■ WHAT YOU SHOULD DO ■
Would you transcribe the line that holds "this 1642×1641 image." and all the lines below it, through the final one, exactly and with nothing else?

■ ■ ■ ■ ■ ■ ■

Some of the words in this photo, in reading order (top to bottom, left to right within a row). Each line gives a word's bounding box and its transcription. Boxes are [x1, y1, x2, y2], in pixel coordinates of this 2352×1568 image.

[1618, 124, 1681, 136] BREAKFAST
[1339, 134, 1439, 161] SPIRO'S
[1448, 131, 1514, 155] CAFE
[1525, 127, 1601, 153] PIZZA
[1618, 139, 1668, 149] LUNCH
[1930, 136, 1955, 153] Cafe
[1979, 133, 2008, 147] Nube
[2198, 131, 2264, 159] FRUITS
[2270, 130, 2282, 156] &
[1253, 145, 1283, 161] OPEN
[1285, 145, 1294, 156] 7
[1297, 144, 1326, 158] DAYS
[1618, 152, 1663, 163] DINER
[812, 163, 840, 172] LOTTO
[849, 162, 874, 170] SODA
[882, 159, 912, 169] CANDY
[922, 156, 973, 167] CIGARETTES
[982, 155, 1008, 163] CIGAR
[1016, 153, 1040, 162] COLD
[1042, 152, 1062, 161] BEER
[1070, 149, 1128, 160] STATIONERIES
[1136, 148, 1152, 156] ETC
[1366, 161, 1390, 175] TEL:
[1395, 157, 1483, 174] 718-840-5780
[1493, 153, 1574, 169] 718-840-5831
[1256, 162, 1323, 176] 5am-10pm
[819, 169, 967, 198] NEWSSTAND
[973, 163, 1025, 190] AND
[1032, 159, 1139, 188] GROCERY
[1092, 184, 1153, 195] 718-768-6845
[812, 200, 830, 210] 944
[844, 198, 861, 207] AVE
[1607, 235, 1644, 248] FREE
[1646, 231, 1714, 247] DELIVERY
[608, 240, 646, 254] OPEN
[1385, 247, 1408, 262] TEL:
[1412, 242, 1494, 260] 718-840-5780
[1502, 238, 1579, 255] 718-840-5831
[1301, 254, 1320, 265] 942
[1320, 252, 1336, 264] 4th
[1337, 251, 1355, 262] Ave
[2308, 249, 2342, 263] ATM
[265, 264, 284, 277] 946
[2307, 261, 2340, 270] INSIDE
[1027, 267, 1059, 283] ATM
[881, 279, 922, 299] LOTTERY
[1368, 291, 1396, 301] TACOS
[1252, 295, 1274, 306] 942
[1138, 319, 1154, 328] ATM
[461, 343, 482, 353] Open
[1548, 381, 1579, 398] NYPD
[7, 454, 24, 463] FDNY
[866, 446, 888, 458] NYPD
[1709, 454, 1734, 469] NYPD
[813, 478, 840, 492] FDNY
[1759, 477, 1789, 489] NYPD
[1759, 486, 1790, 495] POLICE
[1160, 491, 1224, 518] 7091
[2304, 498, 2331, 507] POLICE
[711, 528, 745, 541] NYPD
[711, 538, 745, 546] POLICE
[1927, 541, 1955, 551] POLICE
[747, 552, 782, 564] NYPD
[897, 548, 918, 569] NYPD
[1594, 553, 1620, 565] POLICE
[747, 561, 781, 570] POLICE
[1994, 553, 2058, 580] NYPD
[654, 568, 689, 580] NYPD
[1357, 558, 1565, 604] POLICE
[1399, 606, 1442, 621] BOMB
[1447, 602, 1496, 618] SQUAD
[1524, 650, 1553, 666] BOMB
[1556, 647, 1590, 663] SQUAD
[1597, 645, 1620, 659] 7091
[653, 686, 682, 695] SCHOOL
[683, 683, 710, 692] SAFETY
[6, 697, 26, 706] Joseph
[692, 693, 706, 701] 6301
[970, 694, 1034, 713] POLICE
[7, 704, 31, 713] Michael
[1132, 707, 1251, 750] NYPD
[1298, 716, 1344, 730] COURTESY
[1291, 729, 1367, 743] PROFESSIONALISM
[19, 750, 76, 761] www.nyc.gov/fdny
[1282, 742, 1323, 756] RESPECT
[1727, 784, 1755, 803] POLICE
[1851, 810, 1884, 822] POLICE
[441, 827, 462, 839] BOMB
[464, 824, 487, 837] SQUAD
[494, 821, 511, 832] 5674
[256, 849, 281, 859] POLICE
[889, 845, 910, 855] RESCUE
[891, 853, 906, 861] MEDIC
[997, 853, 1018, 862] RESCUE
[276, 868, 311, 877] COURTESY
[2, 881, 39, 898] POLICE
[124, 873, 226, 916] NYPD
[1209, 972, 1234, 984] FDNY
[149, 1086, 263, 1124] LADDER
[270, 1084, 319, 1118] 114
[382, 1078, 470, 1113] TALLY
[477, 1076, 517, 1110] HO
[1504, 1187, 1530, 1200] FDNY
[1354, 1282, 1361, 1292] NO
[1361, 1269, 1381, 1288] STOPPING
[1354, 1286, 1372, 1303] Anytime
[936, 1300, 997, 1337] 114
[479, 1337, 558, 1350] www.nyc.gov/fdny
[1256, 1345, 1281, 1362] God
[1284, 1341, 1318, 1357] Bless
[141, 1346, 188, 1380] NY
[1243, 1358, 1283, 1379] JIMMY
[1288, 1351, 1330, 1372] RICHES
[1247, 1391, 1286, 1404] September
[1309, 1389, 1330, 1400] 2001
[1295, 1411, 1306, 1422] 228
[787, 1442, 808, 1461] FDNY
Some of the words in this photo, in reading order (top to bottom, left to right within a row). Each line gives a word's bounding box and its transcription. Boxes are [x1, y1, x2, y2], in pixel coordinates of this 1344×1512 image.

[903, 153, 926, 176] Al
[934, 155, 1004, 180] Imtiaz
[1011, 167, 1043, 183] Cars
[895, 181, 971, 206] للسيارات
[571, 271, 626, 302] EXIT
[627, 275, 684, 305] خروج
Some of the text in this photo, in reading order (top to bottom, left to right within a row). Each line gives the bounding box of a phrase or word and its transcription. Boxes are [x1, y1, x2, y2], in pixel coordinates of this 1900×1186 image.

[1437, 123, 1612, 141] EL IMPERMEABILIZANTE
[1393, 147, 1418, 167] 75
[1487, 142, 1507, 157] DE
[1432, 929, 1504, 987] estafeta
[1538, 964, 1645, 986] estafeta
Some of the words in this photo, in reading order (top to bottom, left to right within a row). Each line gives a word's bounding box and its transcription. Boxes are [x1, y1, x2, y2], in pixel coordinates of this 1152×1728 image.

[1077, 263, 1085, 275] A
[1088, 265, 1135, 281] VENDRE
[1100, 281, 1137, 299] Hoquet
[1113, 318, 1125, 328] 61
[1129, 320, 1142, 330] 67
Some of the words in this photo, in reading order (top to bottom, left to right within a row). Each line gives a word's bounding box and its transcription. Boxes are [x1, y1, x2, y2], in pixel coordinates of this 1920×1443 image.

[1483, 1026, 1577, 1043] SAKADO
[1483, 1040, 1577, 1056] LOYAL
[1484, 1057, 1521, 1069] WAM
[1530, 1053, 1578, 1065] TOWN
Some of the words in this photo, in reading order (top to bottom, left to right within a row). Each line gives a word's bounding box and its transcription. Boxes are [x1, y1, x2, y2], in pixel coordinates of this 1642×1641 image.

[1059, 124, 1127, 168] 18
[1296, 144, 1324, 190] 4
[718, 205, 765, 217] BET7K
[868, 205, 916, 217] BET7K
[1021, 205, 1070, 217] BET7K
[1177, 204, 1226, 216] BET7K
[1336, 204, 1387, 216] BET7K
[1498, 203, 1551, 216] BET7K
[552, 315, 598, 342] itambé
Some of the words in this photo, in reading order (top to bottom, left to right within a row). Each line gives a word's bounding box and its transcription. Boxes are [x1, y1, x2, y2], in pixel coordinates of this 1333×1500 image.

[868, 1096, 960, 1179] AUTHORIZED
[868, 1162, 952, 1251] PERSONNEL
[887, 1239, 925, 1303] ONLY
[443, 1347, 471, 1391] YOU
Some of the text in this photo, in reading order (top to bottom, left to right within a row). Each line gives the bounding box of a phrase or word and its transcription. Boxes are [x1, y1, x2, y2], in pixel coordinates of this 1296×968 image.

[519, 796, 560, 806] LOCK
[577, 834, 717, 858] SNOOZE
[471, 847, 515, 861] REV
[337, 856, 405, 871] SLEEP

■ ■ ■ ■ ■ ■ ■

■ EXPECTED OUTPUT ■
Some of the words in this photo, in reading order (top to bottom, left to right within a row). Each line gives a word's bounding box and its transcription. Boxes are [x1, y1, x2, y2], in pixel coordinates of this 1642×1641 image.

[1059, 124, 1127, 168] 18
[1296, 144, 1324, 190] 4
[718, 205, 765, 217] BET7K
[868, 205, 916, 217] BET7K
[1021, 205, 1070, 217] BET7K
[1177, 204, 1226, 216] BET7K
[1336, 204, 1387, 216] BET7K
[1498, 203, 1551, 216] BET7K
[552, 315, 598, 342] itambé
Some of the words in this photo, in reading order (top to bottom, left to right within a row). Each line gives a word's bounding box and its transcription. Boxes are [x1, y1, x2, y2], in pixel coordinates of this 1333×1500 image.

[868, 1096, 960, 1179] AUTHORIZED
[868, 1162, 952, 1251] PERSONNEL
[887, 1239, 925, 1303] ONLY
[443, 1347, 471, 1391] YOU
Some of the text in this photo, in reading order (top to bottom, left to right within a row). Each line gives the bounding box of a phrase or word and its transcription. Boxes are [x1, y1, x2, y2], in pixel coordinates of this 1296×968 image.

[519, 796, 560, 806] LOCK
[577, 834, 717, 858] SNOOZE
[471, 847, 515, 861] REV
[337, 856, 405, 871] SLEEP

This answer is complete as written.